Autodetect DST-Settings was always active.
 [2004-03-09 09:44 UTC] webmaster at panyopanyo dot com
I too can confirm this occurs on my system which uses the clock settings described here
 [2004-03-12 12:10 UTC] rasmus@php.net
On my Linux box with TZ set to GMT I get:
1080259200 - 26
1080345600 - 27
1080432000 - 28
1080518400 - 29
which appears to me to be correct.  But if this patch works around the bug on Windows then I don't see any problem with it.  I don't see how it could negatively impact other platforms.
 [2004-03-12 12:23 UTC] rasmus@php.net
This bug has been fixed in CVS.

Snapshots of the sources are packaged every three hours; this change
will be in the next snapshot. You can grab the snapshot at
http://snaps.php.net/.
 
Thank you for the report, and for helping us make PHP better.

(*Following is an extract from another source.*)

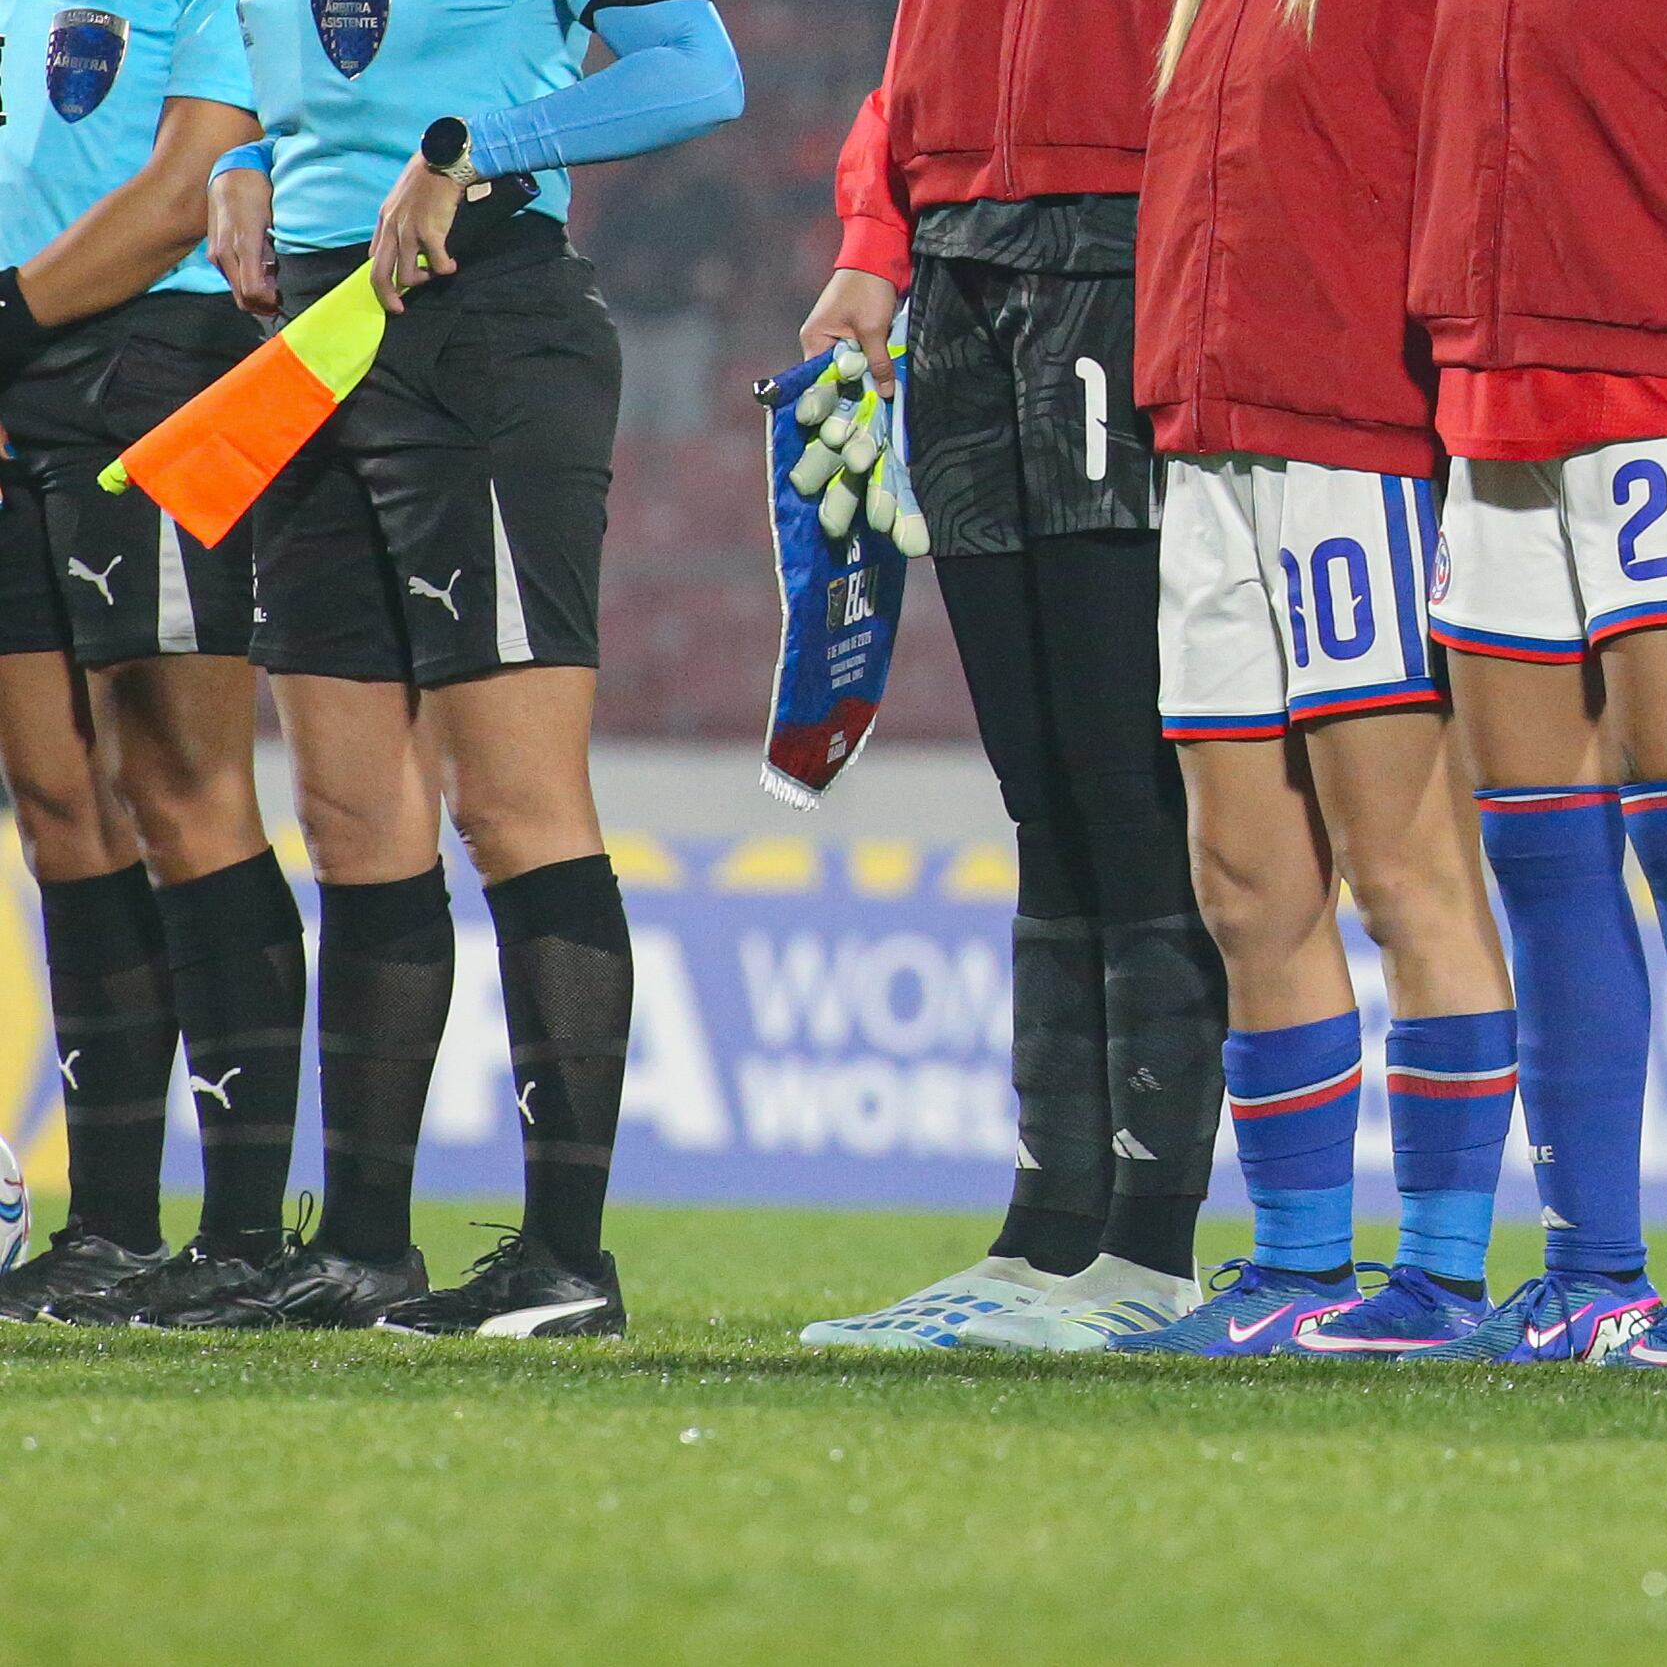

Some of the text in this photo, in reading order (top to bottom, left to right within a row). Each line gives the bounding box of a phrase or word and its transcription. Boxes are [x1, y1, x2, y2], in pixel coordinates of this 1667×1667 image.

[321, 17, 378, 29] ASISTENTE
[1075, 356, 1107, 481] 1
[1281, 537, 1376, 668] 10
[738, 1054, 1020, 1156] WORL

 [2004-04-06 17:28 UTC] peter at rukavina dot net
The patch doesn't seem to have solved the problem.  Or perhaps it's introduced a new one?  Here's a simnple test case that calculates the GMT timestamp using gmmktime, then echos it back using gmstrftime, which should return the SAME time:

for ($day = 2 ; $day <= 6 ; $day++) {
    $datestamp = gmmktime(1,15,0,4,$day,2004);
    print gmstrftime("%Y-%m-%d %H:%M",$datestamp) . "\n";
}

Expected Result:
2004-04-02 01:15
2004-04-03 01:15
2004-04-04 01:15
2004-04-05 01:15
2004-04-06 01:15

Actual Result:
2004-04-02 01:15
2004-04-03 01:15
2004-04-04 03:15
2004-04-05 01:15
2004-04-06 01:15 

This only occurs when the datestamp is between 1:00 a.m. and 1:59 a.m. GMT on the day where DST takes effect.
 [2004-04-07 03:09 UTC] derick@php.net
It works fine for me, what operating system is this on? And in what timezone are you?

regards,
Derick
 [2004-04-07 09:38 UTC] peter at rukavina dot net
RedHat Enterprise Linux 3
Kernel 2.4.21-9.0.1.EL
PHP 4.3.5
 [2004-04-07 11:00 UTC] derick@php.net
Please answer all questions, and additionally: which glibc do you have?
 [2004-04-09 14:30 UTC] peter at nuvek dot com
I did some testing on a few machines I have here are the results

Broken:
#1
libc-2.3.2.so 
Linux version 2.4.22-28mdk (qateam@updates.mandrakesoft.com) (gcc version 3.3.1 (Mandrake Linux 9.2 3.3.1-2mdk)) #1 Thu Feb 19 22:28:14 MST 2004
PHP 5.0.0RC1 (cli) 
#2
libc-2.3.2.so 
Linux version 2.4.22 (root@(none)) (gcc version 3.3) #2 SMP Tue Feb 10 02:15:52 MST 2004
PHP 5.0.0RC1 (cli) 


Works:
#1
libc-2.3.2.so 
Linux version 2.4.22-28mdk (qateam@updates.mandrakesoft.com) (gcc version 3.3.1 (Mandrake Linux 9.2 3.3.1-2mdk)) #1 Thu Feb 19 22:28:14 MST 2004
PHP 4.3.4 (cli) 
#2
libc-2.2.4.so
Linux version 2.4.23 (root@(none)) (gcc version 2.95.3 20010315 (release)) #4 SMP Mon Dec 15 08:37:53 MST 2003
PHP 4.0.6


I hope this helps

Also of notem I have noticed that 
<?php
$date1 = mktime( 0, 0, 0, 4, 1, 2001 );
$date2 = mktime( 0, 0, 0, 4, 1, 2001 ) - 1;
print date("Y-m-d H:i:s",$date1)."\n";
print date("Y-m-d H:i:s",$date2)."\n";
?>

should produce:
2001-04-01 00:00:00
2001-03-31 23:59:59

But I get:
2001-04-01 01:00:00
2001-04-01 00:59:59

With the same sucess and failure as the above example
 [2004-04-09 15:15 UTC] derick@php.net
Works perfectly fine here with latest CVS versions of BOTH PHP 4 and PHP 5.
 [2004-04-09 18:51 UTC] peter at nuvek dot com
I just downloaded the CVS and it looks good.  Thanks.